The following code block shows an example of the first type of input which `CB2` can handle. Each column of `Evers_CRISPRn_RT112$count` contains counts of guide RNAs of a sample (that was initially extracted from NGS data). A count of the input shows that how many guide RNA barcodes were observed from a given NGS sample. Each row of the matrix has a row name (e.g., `RPS19_sg10`), and the name is the ID of a guide RNA. For example, `RPS19_sg10`, which is the first-row name in the example, indicates that the first row contains the counts of `RPS_sg10` guide RNA. Every guide RNA ID **must have exactly one `_` character**, and it is used to be a separator of two strings.

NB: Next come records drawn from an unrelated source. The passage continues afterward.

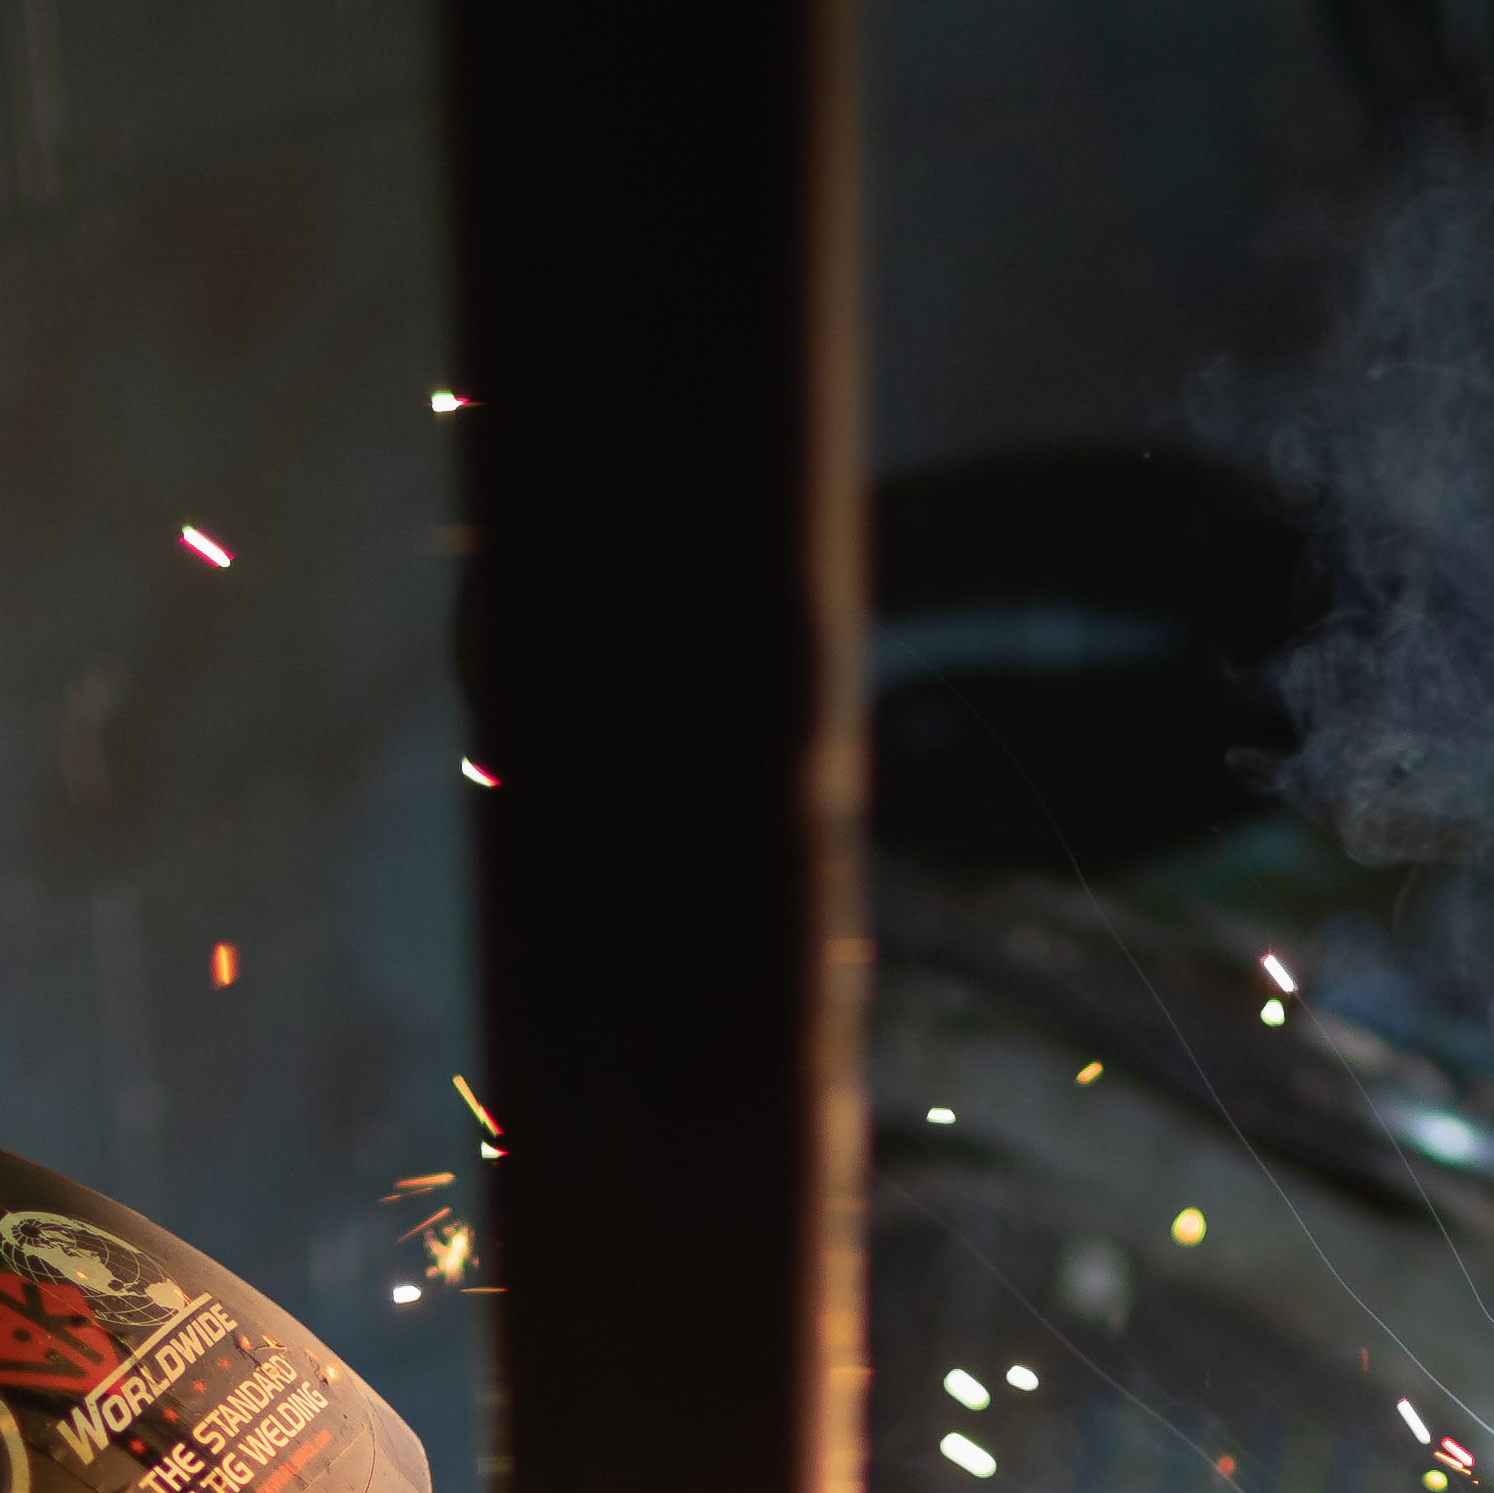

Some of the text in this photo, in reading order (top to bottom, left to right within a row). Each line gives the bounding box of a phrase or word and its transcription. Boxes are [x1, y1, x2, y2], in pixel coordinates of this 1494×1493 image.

[55, 1300, 239, 1466] WORLDWIDE
[194, 1354, 298, 1455] STANDARD
[240, 1381, 330, 1470] WELDING
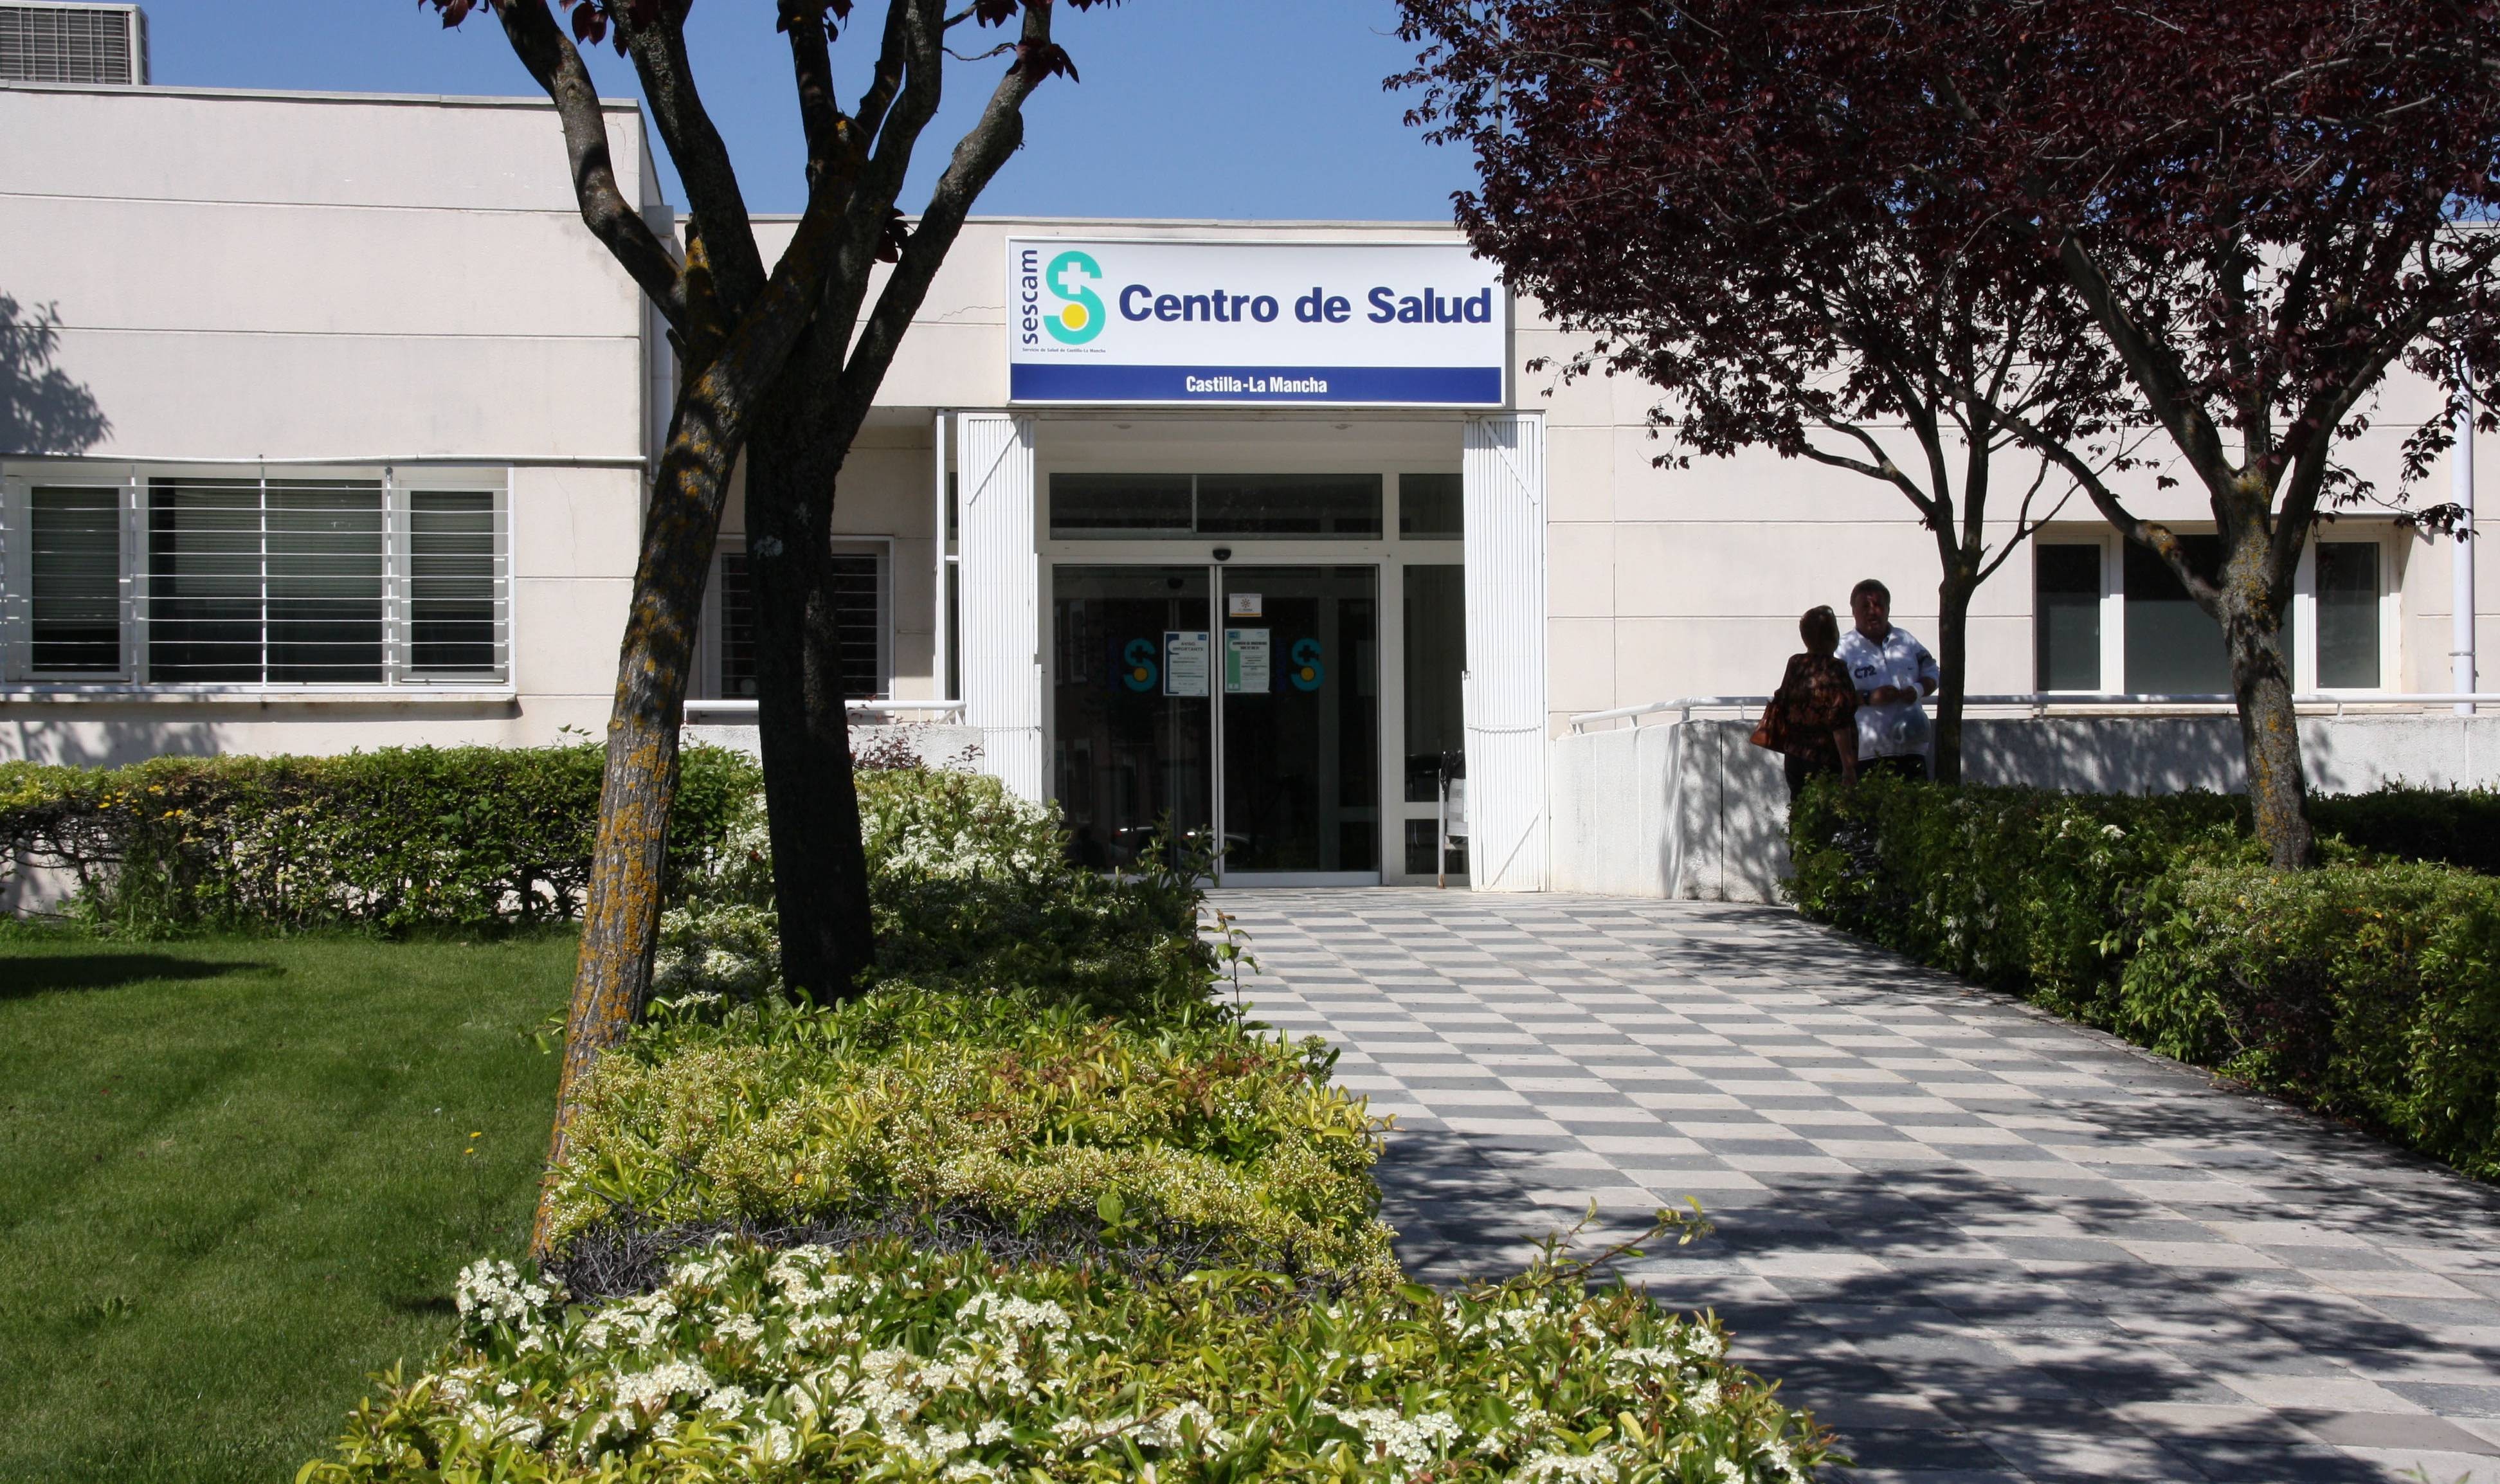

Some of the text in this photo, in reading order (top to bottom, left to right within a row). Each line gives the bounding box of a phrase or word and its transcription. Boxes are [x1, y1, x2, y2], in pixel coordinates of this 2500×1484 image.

[1022, 249, 1038, 345] sescam
[1119, 284, 1492, 323] Centro de Salud
[1186, 376, 1328, 393] Castilla-La Mancha

The first string displays the name of a gene whose gene is targeted by the guide RNA, and the second string is used as an identifier among guide RNAs that targets the same gene. For example, `RPS_sg10` indicates that the guide RNA is designed to target the `RPS` gene, and `sg10` is the unique identifier. 

**NOTE :** If the input contains multiple `_` characters, `CB2` is not able to run. In particular, if Entrez gene IDs are used as the gene names, `CB2`  does not handle the input. One of the solutions for this case is changing the gene names to another identifier (e.g., HGNC symbol) or using another type of input, which will explain below.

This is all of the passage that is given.